(Collected data)
=====

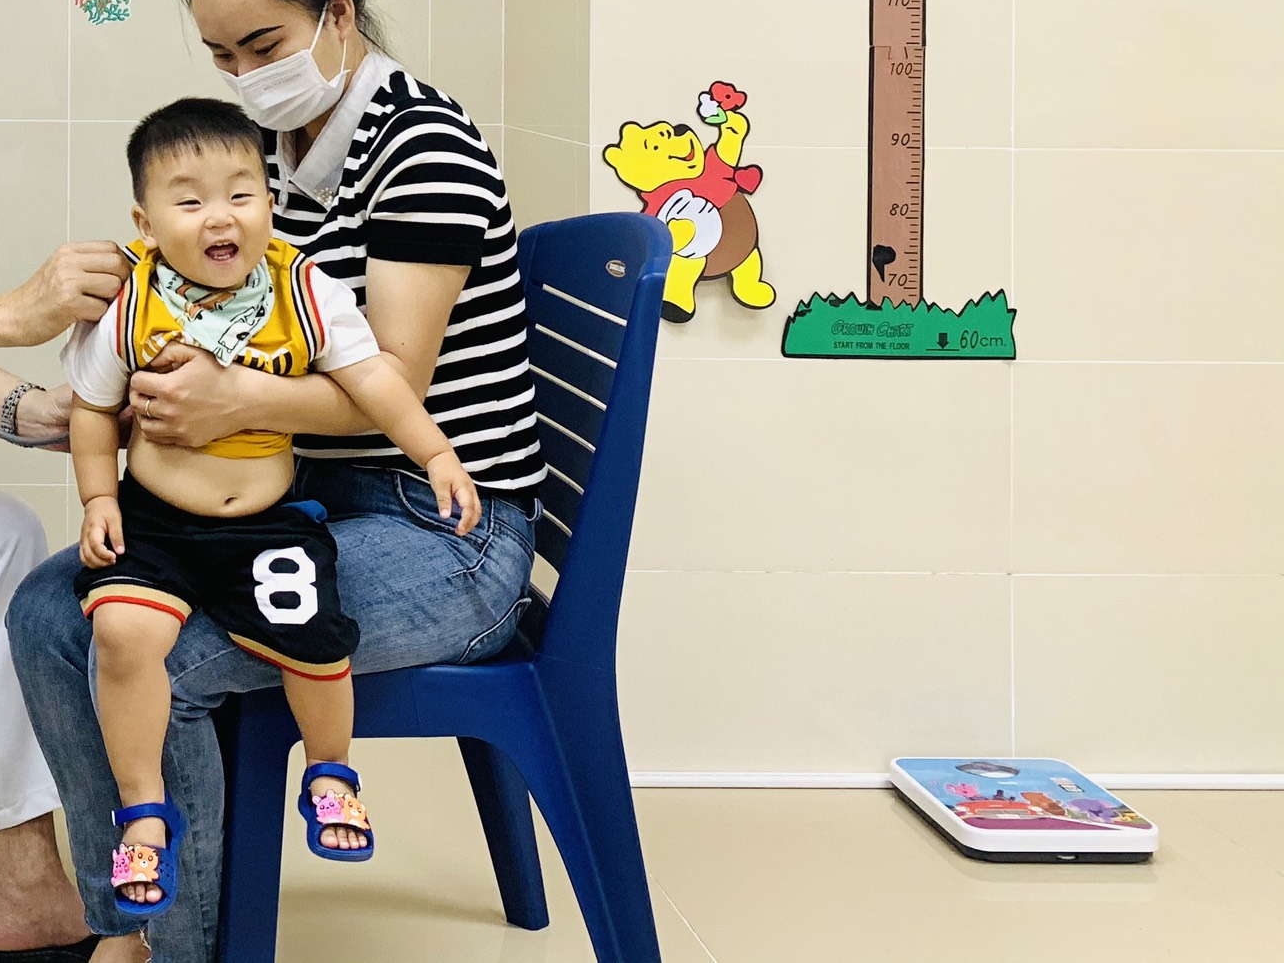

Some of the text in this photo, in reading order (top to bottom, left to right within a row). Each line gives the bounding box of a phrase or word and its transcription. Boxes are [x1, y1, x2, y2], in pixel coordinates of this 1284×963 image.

[890, 62, 913, 76] 100
[891, 133, 911, 146] 90
[889, 203, 909, 216] 80
[888, 273, 908, 287] 70
[833, 341, 910, 350] START FROM THE FLOOR
[252, 546, 318, 625] 8
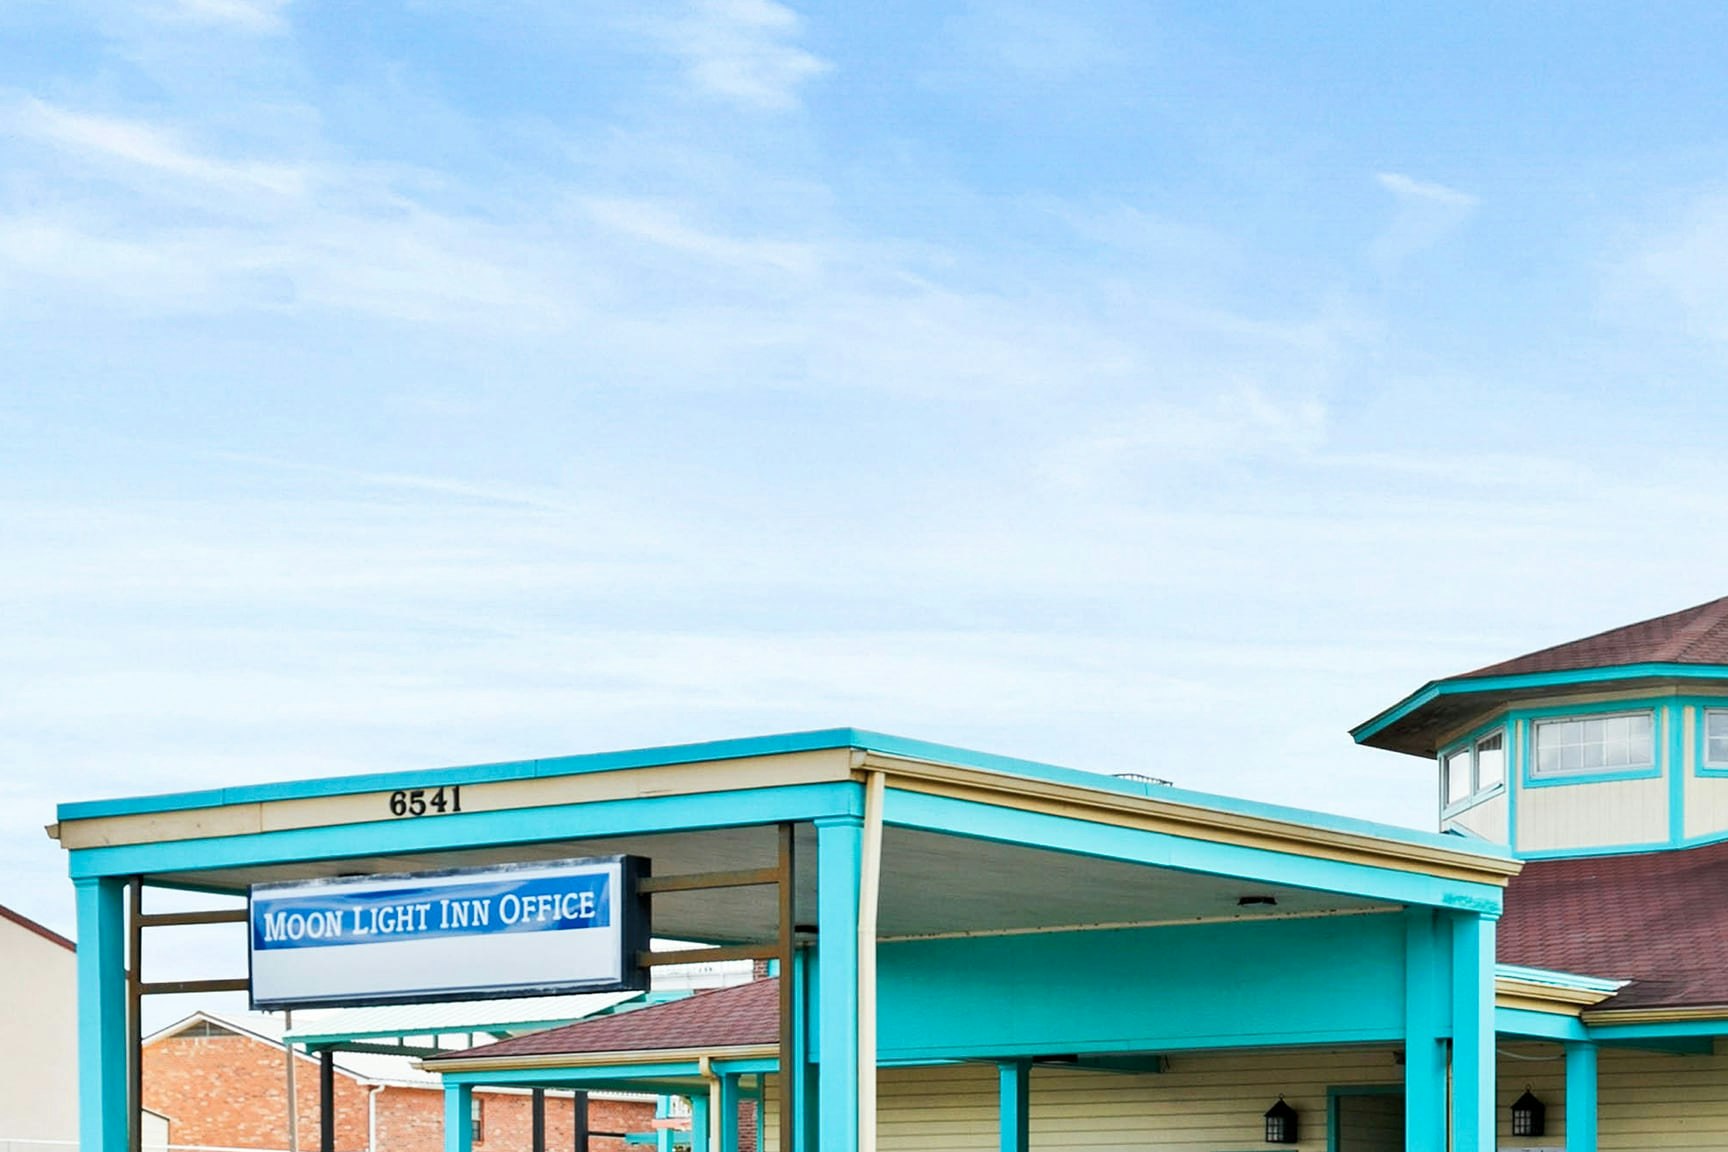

=====

Directions: The data above needs to be retyped exactly, with the images left out.

Output of the exercise:
Some of the text in this photo, in reading order (top to bottom, left to right within a row). Each line gives the bounding box of a phrase or word and its transcription. Boxes are [x1, y1, x2, y2], in pixel coordinates of this 1284×963 image.

[890, 62, 913, 76] 100
[891, 133, 911, 146] 90
[889, 203, 909, 216] 80
[888, 273, 908, 287] 70
[833, 341, 910, 350] START FROM THE FLOOR
[252, 546, 318, 625] 8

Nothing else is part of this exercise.